PROBLEM DESCRIPTION: Leaving the pictures aside, transcribe every line below exactly.

☆ ☆ ☆

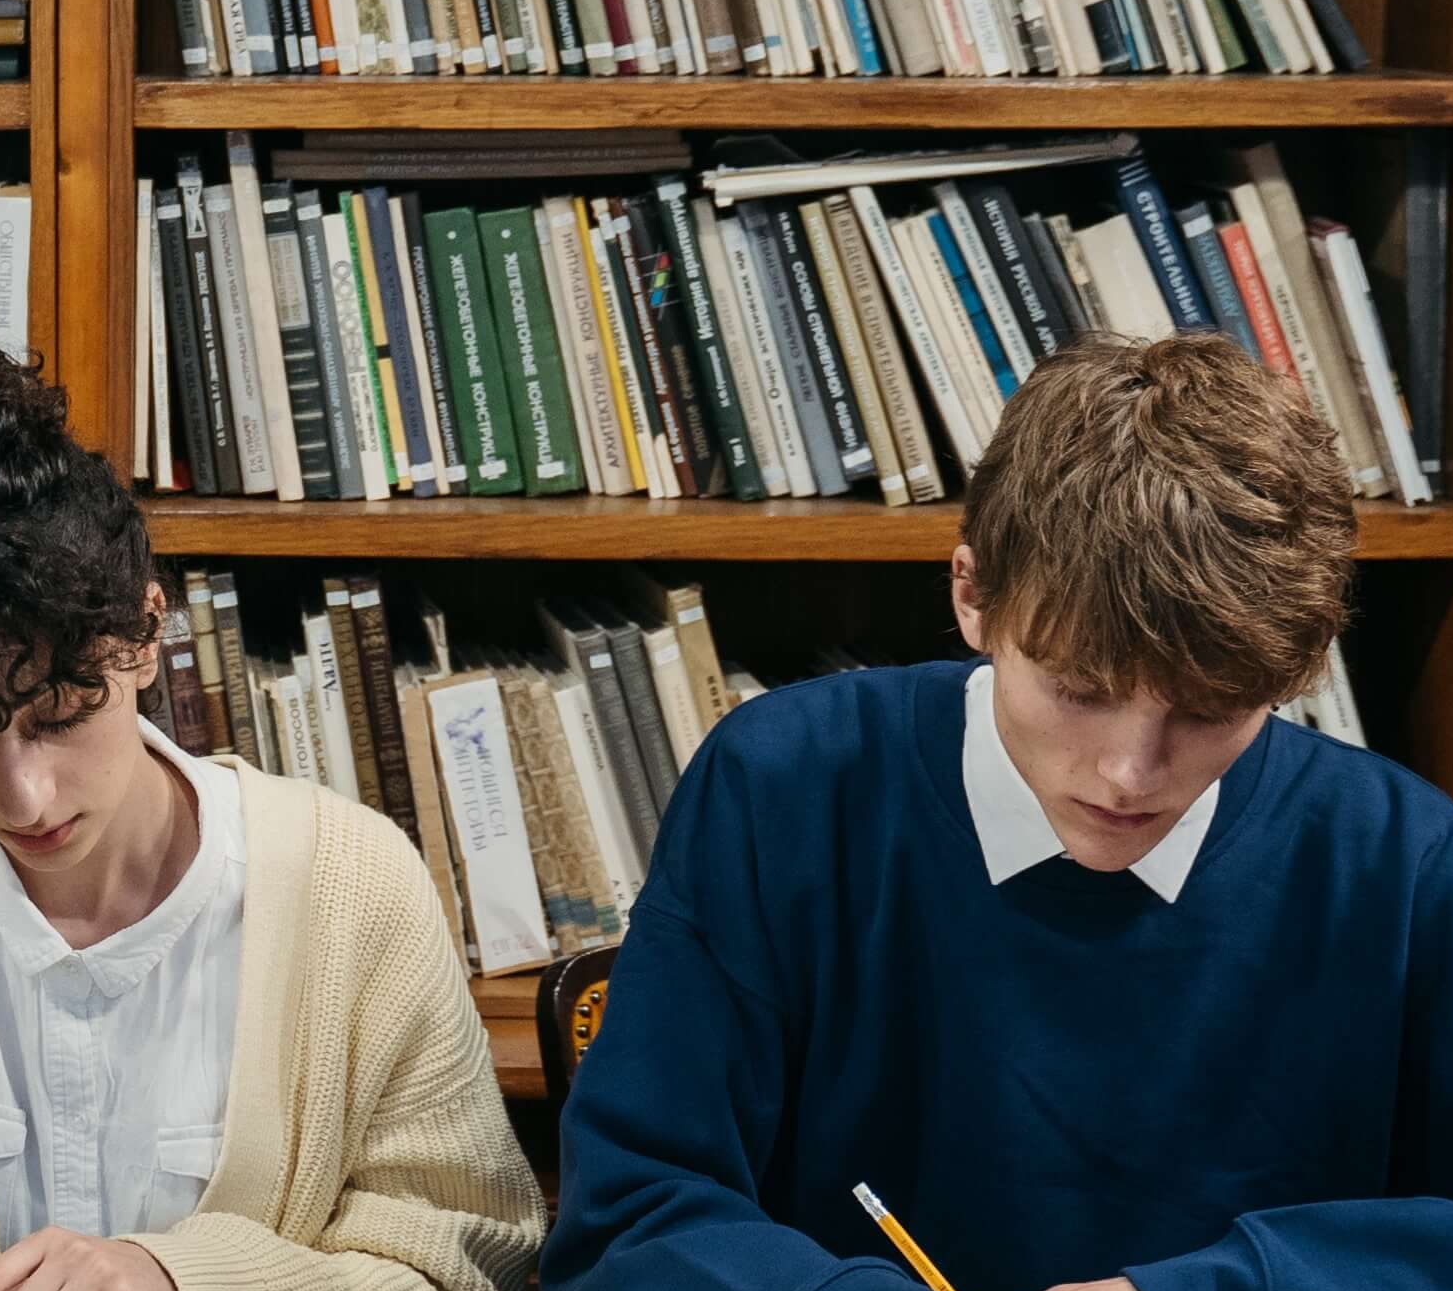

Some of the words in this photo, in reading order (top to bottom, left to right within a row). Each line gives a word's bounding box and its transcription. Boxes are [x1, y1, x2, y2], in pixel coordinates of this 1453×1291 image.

[449, 253, 481, 378] ЖЕЛЕЗОБЕТОННЫЕ
[503, 251, 537, 376] ЖЕЛЕЗОБЕТОННЫЕ
[561, 230, 595, 343] КОНСТРУКЦИИ
[687, 278, 714, 339] История
[836, 218, 870, 291] ВВЕДЕНИЕ
[862, 305, 909, 416] СТРОИТЕЛЬНУЮ
[982, 198, 1021, 262] ИСТОРИЯ
[1009, 260, 1048, 323] РУССКОЙ
[1134, 188, 1204, 325] СТРОИТЕЛЬНЫЕ
[584, 351, 621, 470] АРХИТЕКТУРНЫЕ
[285, 695, 312, 770] ГОЛОСОВ
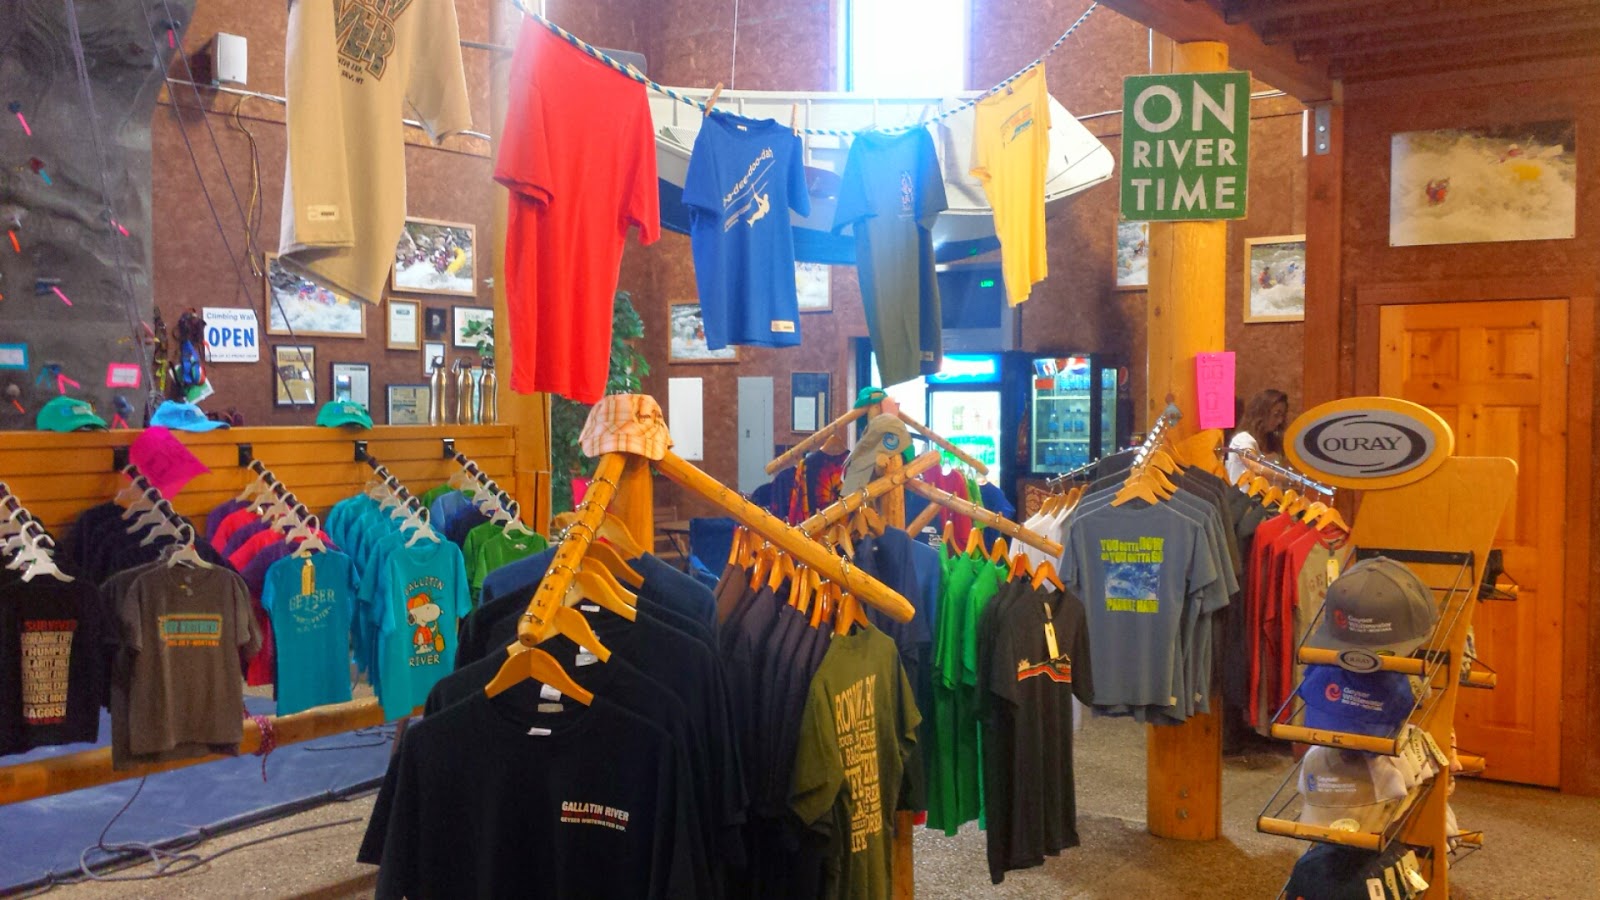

☆ ☆ ☆

TASK ANSWER:
Some of the words in this photo, in reading order (top to bottom, left to right within a row). Each line gives a word's bounding box and its transcription. Boxes are [x1, y1, x2, y2], in pixel coordinates of this 1453×1291 image.

[449, 253, 481, 378] ЖЕЛЕЗОБЕТОННЫЕ
[503, 251, 537, 376] ЖЕЛЕЗОБЕТОННЫЕ
[561, 230, 595, 343] КОНСТРУКЦИИ
[687, 278, 714, 339] История
[836, 218, 870, 291] ВВЕДЕНИЕ
[862, 305, 909, 416] СТРОИТЕЛЬНУЮ
[982, 198, 1021, 262] ИСТОРИЯ
[1009, 260, 1048, 323] РУССКОЙ
[1134, 188, 1204, 325] СТРОИТЕЛЬНЫЕ
[584, 351, 621, 470] АРХИТЕКТУРНЫЕ
[285, 695, 312, 770] ГОЛОСОВ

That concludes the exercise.